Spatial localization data

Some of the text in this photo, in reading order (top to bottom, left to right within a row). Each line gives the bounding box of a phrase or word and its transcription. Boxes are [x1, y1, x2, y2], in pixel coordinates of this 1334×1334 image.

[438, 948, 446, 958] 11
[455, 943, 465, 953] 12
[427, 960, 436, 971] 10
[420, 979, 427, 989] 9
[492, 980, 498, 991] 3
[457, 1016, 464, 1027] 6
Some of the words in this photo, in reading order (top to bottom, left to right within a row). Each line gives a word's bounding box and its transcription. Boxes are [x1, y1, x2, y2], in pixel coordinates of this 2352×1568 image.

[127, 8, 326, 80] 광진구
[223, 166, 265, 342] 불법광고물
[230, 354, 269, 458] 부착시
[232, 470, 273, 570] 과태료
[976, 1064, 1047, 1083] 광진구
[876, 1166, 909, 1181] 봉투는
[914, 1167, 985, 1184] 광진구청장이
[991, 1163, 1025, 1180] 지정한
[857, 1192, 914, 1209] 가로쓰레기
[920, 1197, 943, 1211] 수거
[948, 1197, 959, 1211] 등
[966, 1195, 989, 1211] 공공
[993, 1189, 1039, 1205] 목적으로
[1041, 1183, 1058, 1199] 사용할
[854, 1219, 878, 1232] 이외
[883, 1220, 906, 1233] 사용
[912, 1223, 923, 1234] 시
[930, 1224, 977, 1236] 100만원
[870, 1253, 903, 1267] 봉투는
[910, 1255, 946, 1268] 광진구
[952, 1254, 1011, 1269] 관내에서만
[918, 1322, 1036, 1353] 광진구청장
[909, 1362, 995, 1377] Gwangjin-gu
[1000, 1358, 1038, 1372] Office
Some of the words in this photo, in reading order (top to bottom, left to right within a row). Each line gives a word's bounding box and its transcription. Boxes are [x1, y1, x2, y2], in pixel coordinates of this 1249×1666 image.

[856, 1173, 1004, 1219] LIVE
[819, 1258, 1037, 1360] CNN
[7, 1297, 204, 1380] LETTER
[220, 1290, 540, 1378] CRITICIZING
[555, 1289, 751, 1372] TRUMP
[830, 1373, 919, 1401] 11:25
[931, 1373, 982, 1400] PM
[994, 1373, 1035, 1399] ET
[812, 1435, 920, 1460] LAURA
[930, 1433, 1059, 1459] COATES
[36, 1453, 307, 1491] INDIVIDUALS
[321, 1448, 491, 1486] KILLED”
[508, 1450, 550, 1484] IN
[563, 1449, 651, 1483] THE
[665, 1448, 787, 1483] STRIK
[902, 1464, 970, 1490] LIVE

*Prompt*.
Please make an exact copy of the entries, down to the last character.

*Written solution*.
Some of the text in this photo, in reading order (top to bottom, left to right within a row). Each line gives the bounding box of a phrase or word and its transcription. Boxes are [x1, y1, x2, y2], in pixel coordinates of this 1334×1334 image.

[438, 948, 446, 958] 11
[455, 943, 465, 953] 12
[427, 960, 436, 971] 10
[420, 979, 427, 989] 9
[492, 980, 498, 991] 3
[457, 1016, 464, 1027] 6
Some of the words in this photo, in reading order (top to bottom, left to right within a row). Each line gives a word's bounding box and its transcription. Boxes are [x1, y1, x2, y2], in pixel coordinates of this 2352×1568 image.

[127, 8, 326, 80] 광진구
[223, 166, 265, 342] 불법광고물
[230, 354, 269, 458] 부착시
[232, 470, 273, 570] 과태료
[976, 1064, 1047, 1083] 광진구
[876, 1166, 909, 1181] 봉투는
[914, 1167, 985, 1184] 광진구청장이
[991, 1163, 1025, 1180] 지정한
[857, 1192, 914, 1209] 가로쓰레기
[920, 1197, 943, 1211] 수거
[948, 1197, 959, 1211] 등
[966, 1195, 989, 1211] 공공
[993, 1189, 1039, 1205] 목적으로
[1041, 1183, 1058, 1199] 사용할
[854, 1219, 878, 1232] 이외
[883, 1220, 906, 1233] 사용
[912, 1223, 923, 1234] 시
[930, 1224, 977, 1236] 100만원
[870, 1253, 903, 1267] 봉투는
[910, 1255, 946, 1268] 광진구
[952, 1254, 1011, 1269] 관내에서만
[918, 1322, 1036, 1353] 광진구청장
[909, 1362, 995, 1377] Gwangjin-gu
[1000, 1358, 1038, 1372] Office
Some of the words in this photo, in reading order (top to bottom, left to right within a row). Each line gives a word's bounding box and its transcription. Boxes are [x1, y1, x2, y2], in pixel coordinates of this 1249×1666 image.

[856, 1173, 1004, 1219] LIVE
[819, 1258, 1037, 1360] CNN
[7, 1297, 204, 1380] LETTER
[220, 1290, 540, 1378] CRITICIZING
[555, 1289, 751, 1372] TRUMP
[830, 1373, 919, 1401] 11:25
[931, 1373, 982, 1400] PM
[994, 1373, 1035, 1399] ET
[812, 1435, 920, 1460] LAURA
[930, 1433, 1059, 1459] COATES
[36, 1453, 307, 1491] INDIVIDUALS
[321, 1448, 491, 1486] KILLED”
[508, 1450, 550, 1484] IN
[563, 1449, 651, 1483] THE
[665, 1448, 787, 1483] STRIK
[902, 1464, 970, 1490] LIVE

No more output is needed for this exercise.